▸ INFORMATION
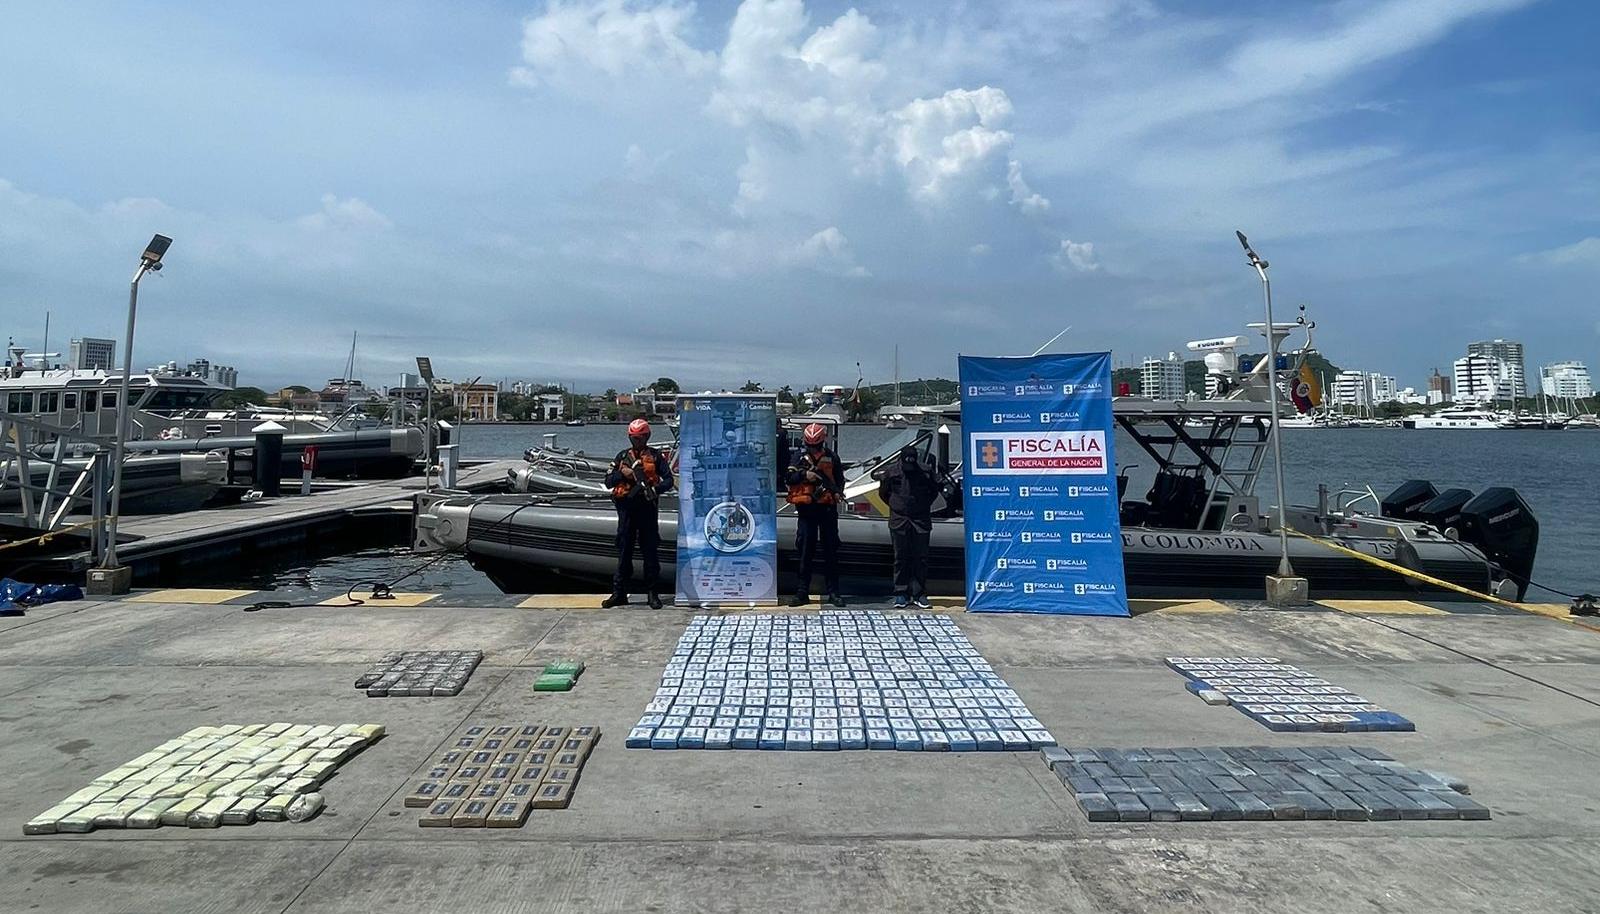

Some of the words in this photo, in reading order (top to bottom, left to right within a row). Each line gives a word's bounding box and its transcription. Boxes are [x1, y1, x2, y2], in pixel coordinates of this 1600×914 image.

[1008, 435, 1101, 453] FISCALÍA
[1011, 459, 1046, 467] GENERAL
[1047, 459, 1059, 467] DE
[1060, 458, 1070, 467] LA
[1071, 457, 1101, 467] NACIÓN
[1121, 533, 1135, 547] E
[1141, 534, 1264, 551] COLOMBIA

▸ PROBLEM DESCRIPTION
In the answer, all of the material should appear exactly as given, with no picture carried over.

▸ TASK SOLUTION
Some of the words in this photo, in reading order (top to bottom, left to right within a row). Each line gives a word's bounding box and its transcription. Boxes are [x1, y1, x2, y2], in pixel coordinates of this 1600×914 image.

[1008, 435, 1101, 453] FISCALÍA
[1011, 459, 1046, 467] GENERAL
[1047, 459, 1059, 467] DE
[1060, 458, 1070, 467] LA
[1071, 457, 1101, 467] NACIÓN
[1121, 533, 1135, 547] E
[1141, 534, 1264, 551] COLOMBIA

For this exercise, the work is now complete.